Abstract

The LA3M Laboratory of Aix Marseille University (France), in cooperation with the Institute of Archaeology and Ethnography of the Armenian Academy, represented on the ground by the Regional Museum of Shirak, has carried out, from 2009 to 2016, an archaeological survey of the early Christian and medieval site of Yereruyk. The project was aimed at a multidisciplinary approach of the complex, combining armenology, history of art and architecture, building archaeology, classic archaeology, archaeological anthropology, and geo-archaeology.One of the purposes was to better understand the reasons why such a large ensemble had been established in a space now deprived, at the northwestern tip of the country.
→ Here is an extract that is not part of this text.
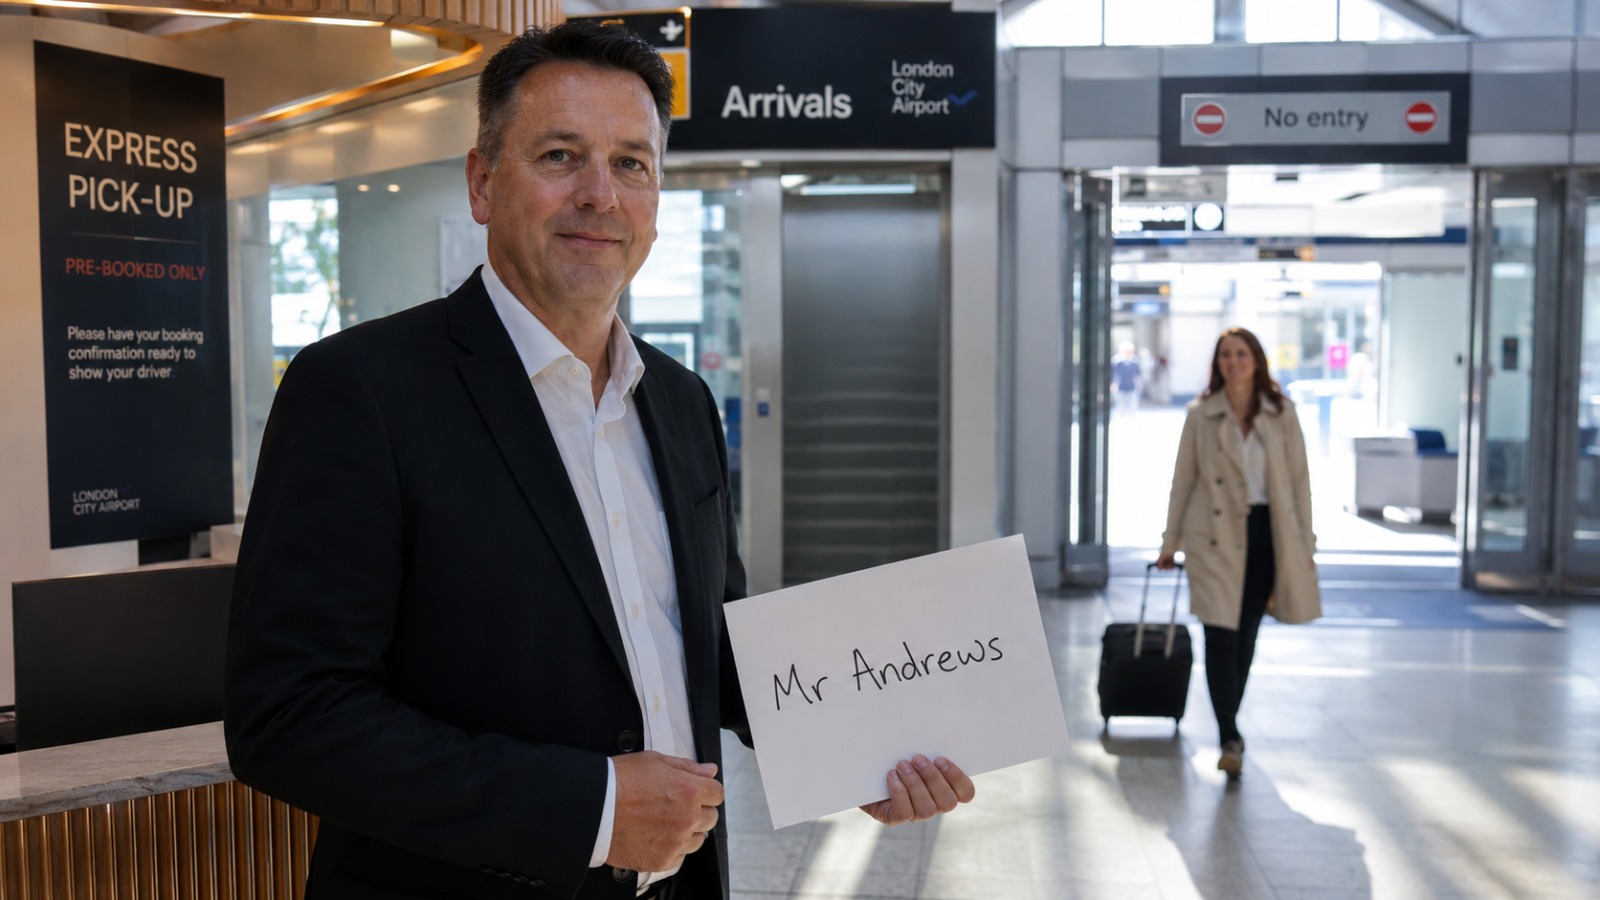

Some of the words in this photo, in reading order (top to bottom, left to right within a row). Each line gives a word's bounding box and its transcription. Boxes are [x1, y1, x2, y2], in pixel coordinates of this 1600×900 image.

The complex includes the vestiges of several buildings, among which an early Christian basilica, a vaulted construction which served perhaps as a mausoleum, the remains of a “false rampart”, and of a series of parallel walls corresponding, at a certain period, to a dam, two underground halls, and numerous fragments of sculpted stones. A special attention was paid to the basilica and to the cemetery, where twenty-seven tombs were studied in detail. Another objective was to try to clarify the absolute and relative dating of the main buildings, as well as the function of many of them, which was still unclear. The mission also sought to specify the relationship which must have existed around the year one thousand between the religious complex and the medieval capital Ani, from which it is only some kilometers away.